Metro has continued to find problems throughout its track sensing system, the same system suspected of failing in last month’s fatal crash, officials said.
The agency acknowledged it has found defects in about “half a dozen” circuits since the crash.
But the transit agency’s general manager insisted that Metro was safe. “If at any time I thought this system was unsafe, I would permanently shut it down,” General Manager John Catoe said. Metro has not “detected any issues that will cause the same type of event that occurred on June 22,” he added.
Nine people were killed and more than 70 people injured in the transit system’s worst crash when a Red Line train plowed into a stopped train near the Takoma station.
A faulty circuit appears to have failed to detect the stopped train. That circuit is the focus of the National Transportation Safety Board’s investigation into the crash. It is part of a computerized alert system designed to prevent collisions.

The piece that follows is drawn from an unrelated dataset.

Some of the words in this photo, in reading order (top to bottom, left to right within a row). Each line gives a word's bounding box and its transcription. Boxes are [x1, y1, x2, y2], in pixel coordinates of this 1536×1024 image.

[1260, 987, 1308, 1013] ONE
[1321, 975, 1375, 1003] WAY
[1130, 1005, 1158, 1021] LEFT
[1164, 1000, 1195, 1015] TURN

Metro could not specify how many circuits had been removed or adjusted. Nor would officials say where problem circuits were forcing them to take precautions.

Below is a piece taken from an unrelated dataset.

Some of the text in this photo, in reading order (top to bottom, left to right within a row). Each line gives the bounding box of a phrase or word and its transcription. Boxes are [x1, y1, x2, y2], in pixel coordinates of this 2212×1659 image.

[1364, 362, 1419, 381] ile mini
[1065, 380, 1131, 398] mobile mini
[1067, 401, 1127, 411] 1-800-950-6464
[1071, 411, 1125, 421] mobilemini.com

A train operator who asked not to be named for fear of retaliation said the transit system has been running just one train at a time in at least two spots on the Orange Line, near Rosslyn and Courthouse stations, and near Cheverly.
Metro would not comment on how many of these “absolute blocks” it is running in the transit system as a precaution. But Catoe acknowledged Metro is running some beyond the area where the crash occurred.
Two weeks ago, Metro had said that all 3,000 circuits tested in the system were fine. Last week, Catoe said in testimony at a congressional oversight hearing that three circuits had problems, two in rail yards and one in the rail system that passengers ride.
“I stick by that story,” Catoe told The Examiner.
The transit system first performed a physical test of each circuit, he said. Now officials are examining computer data that show how the circuits are operating.
Metro has started to check the system twice a day, he said, a boost from the initial daily tests after the crash. Before the June 22 accident, the system was checked monthly. Catoe said that meant Metro was checking the circuits at levels never tested before and making adjustments or taking out equipment for “any little thing we see.”
The Washington Post reported that other circuits “failed to properly detect the presence of trains” in recent weeks. But Catoe called the story a “gross falsification of the facts.”
“If we cannot track our trains, I would shut this system down,” he added.